[What you will do]: Copy the data verbatim and leave out every picture.

(Records from a collection)
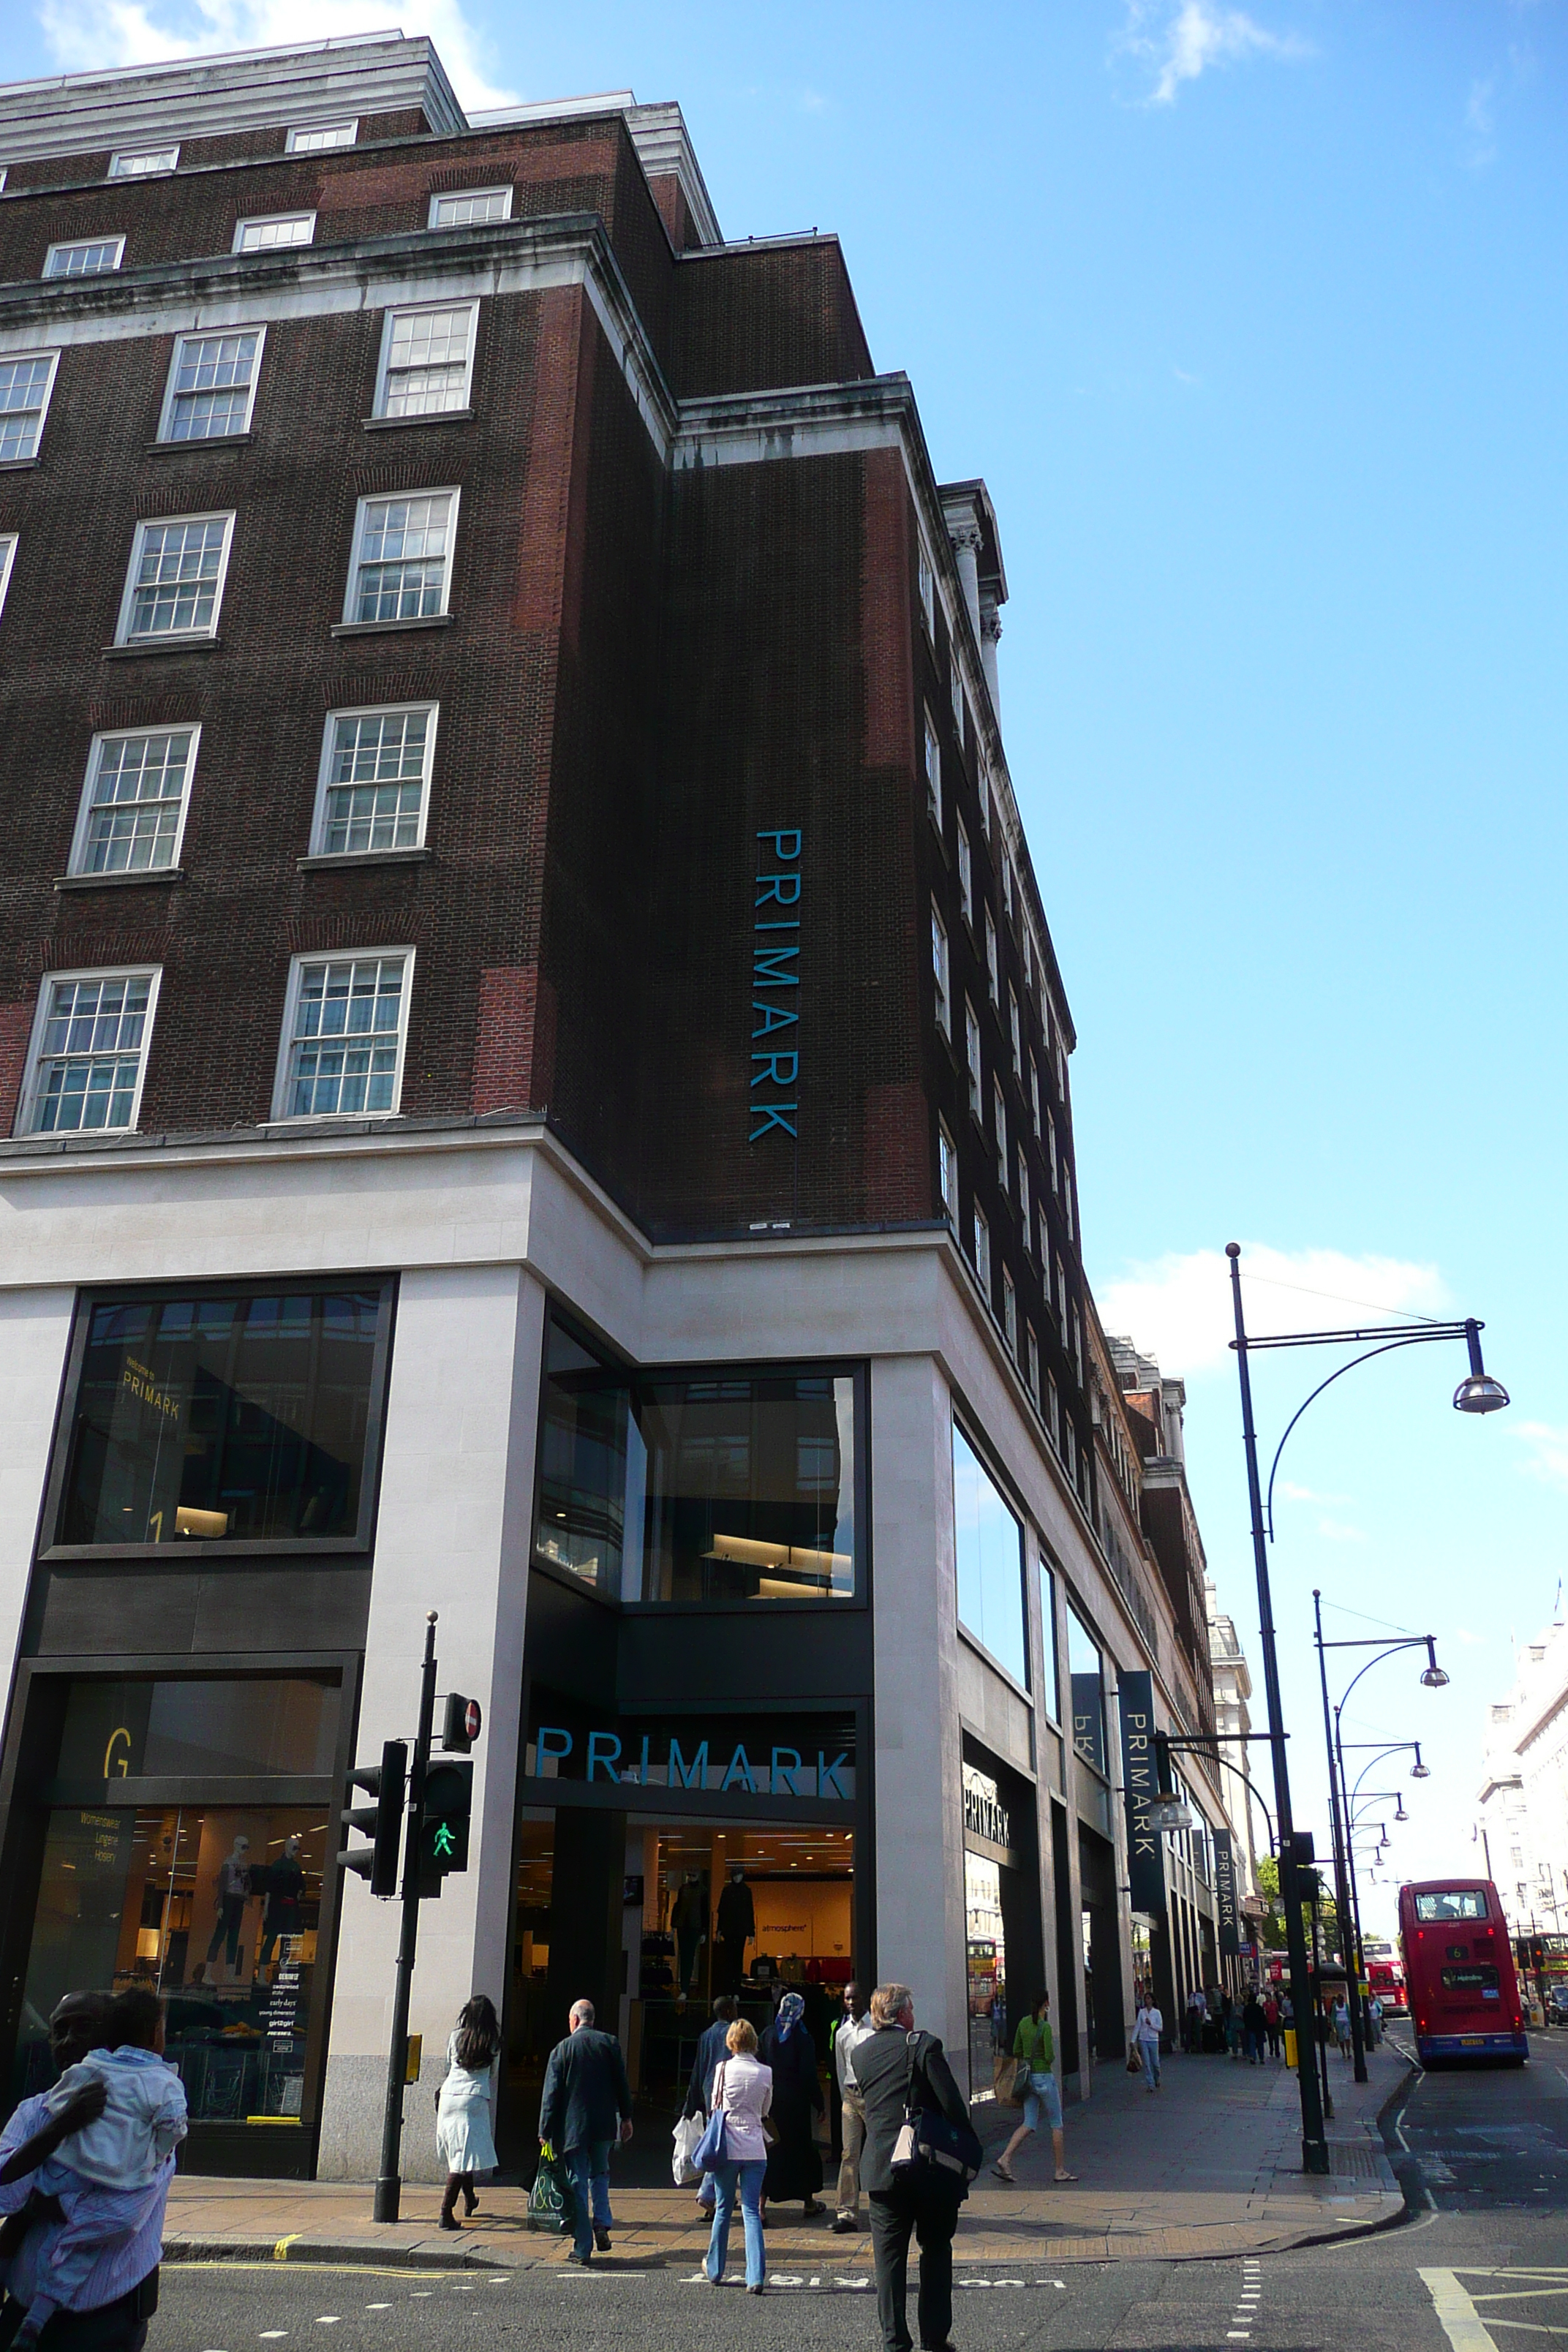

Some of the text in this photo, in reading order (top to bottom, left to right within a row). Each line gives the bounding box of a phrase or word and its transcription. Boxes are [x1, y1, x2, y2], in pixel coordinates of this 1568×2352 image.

[749, 829, 802, 1142] PRIMARK
[123, 1371, 179, 1421] PRIMARK
[150, 1511, 163, 1543] 1
[535, 1726, 849, 1800] PRIMARK
[1127, 1714, 1155, 1855] PRIMARK
[964, 1787, 1010, 1848] PRIMARK
[1218, 1851, 1234, 1926] PRIMARK
[1454, 1948, 1461, 1959] 6
[269, 1998, 296, 2008] early days
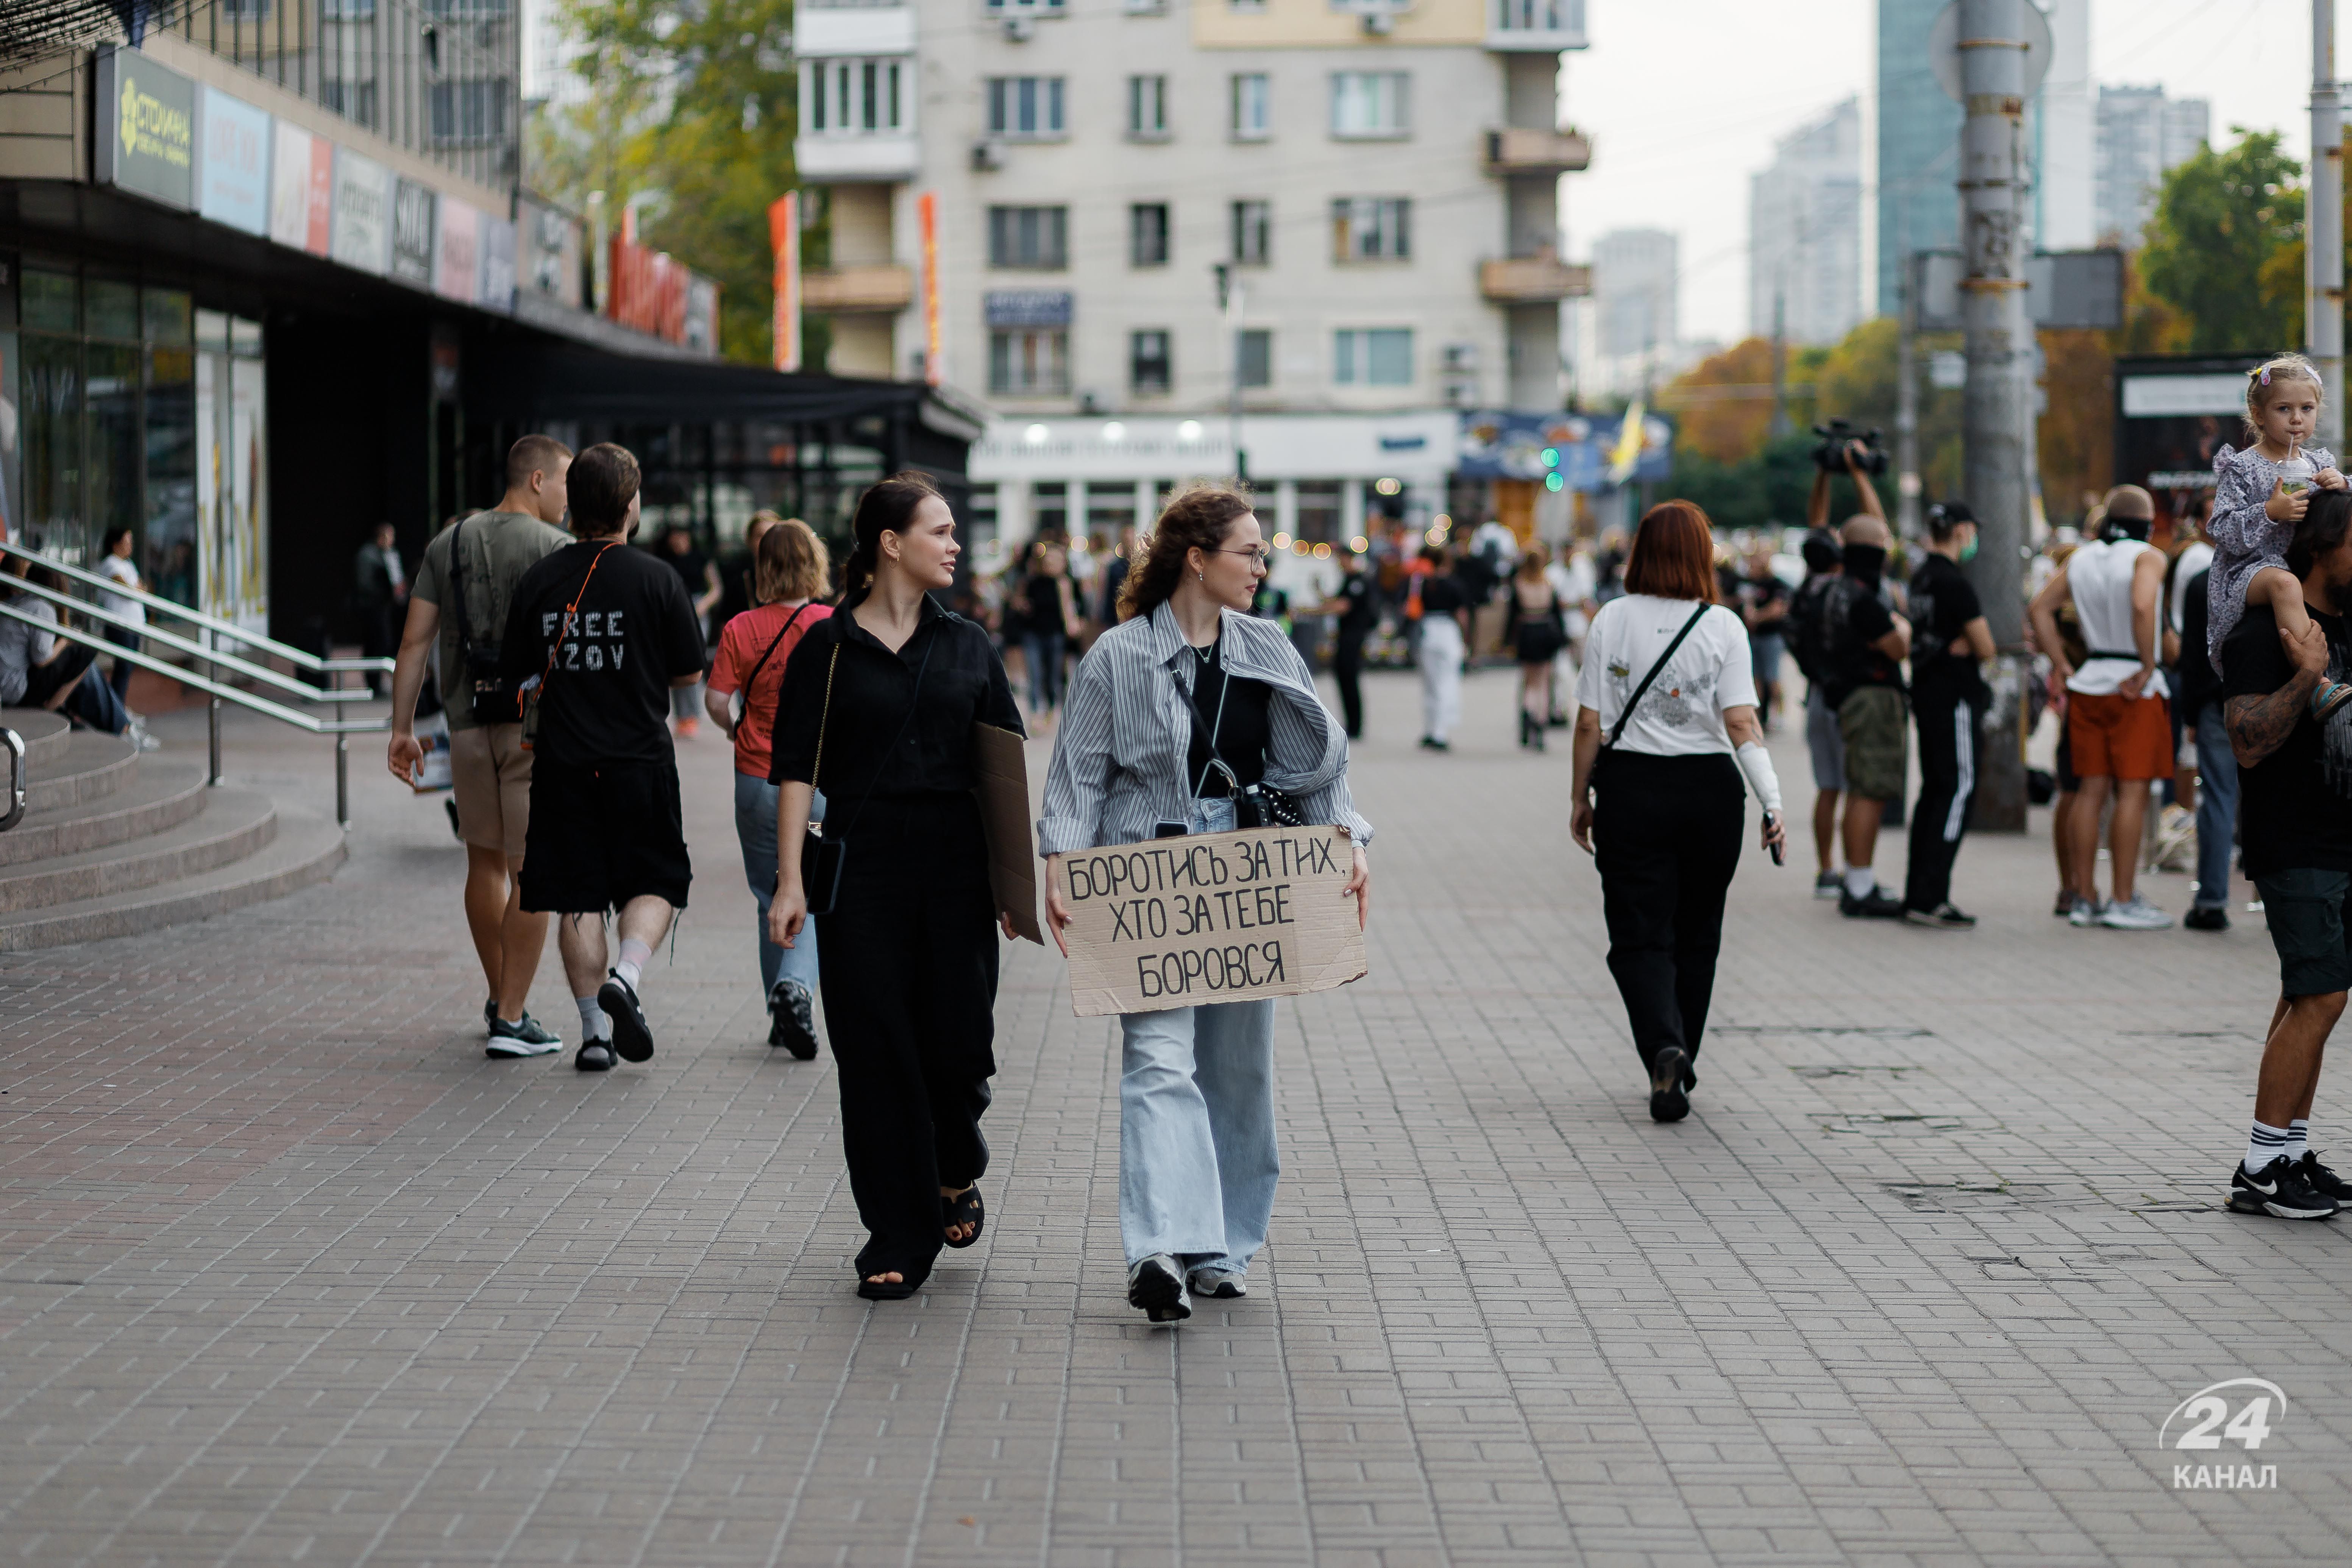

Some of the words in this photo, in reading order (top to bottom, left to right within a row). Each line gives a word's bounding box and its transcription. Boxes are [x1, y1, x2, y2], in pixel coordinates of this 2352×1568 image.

[543, 610, 624, 637] FREE
[1067, 846, 1228, 901] БОРОТИСЬ
[1235, 840, 1271, 882] ЗА
[1109, 898, 1167, 942] ХТО
[1176, 894, 1214, 936] ЗА
[1214, 885, 1294, 930] ТЕБЕ
[1138, 941, 1285, 998] БОРОВСЯ

[Finished task]:
Some of the text in this photo, in reading order (top to bottom, left to right within a row). Each line gives the bounding box of a phrase or word and its transcription. Boxes are [x1, y1, x2, y2], in pixel coordinates of this 1568×2352 image.

[749, 829, 802, 1142] PRIMARK
[123, 1371, 179, 1421] PRIMARK
[150, 1511, 163, 1543] 1
[535, 1726, 849, 1800] PRIMARK
[1127, 1714, 1155, 1855] PRIMARK
[964, 1787, 1010, 1848] PRIMARK
[1218, 1851, 1234, 1926] PRIMARK
[1454, 1948, 1461, 1959] 6
[269, 1998, 296, 2008] early days

Some of the words in this photo, in reading order (top to bottom, left to right within a row). Each line gives a word's bounding box and its transcription. Boxes are [x1, y1, x2, y2], in pixel coordinates of this 2352×1568 image.

[543, 610, 624, 637] FREE
[1067, 846, 1228, 901] БОРОТИСЬ
[1235, 840, 1271, 882] ЗА
[1109, 898, 1167, 942] ХТО
[1176, 894, 1214, 936] ЗА
[1214, 885, 1294, 930] ТЕБЕ
[1138, 941, 1285, 998] БОРОВСЯ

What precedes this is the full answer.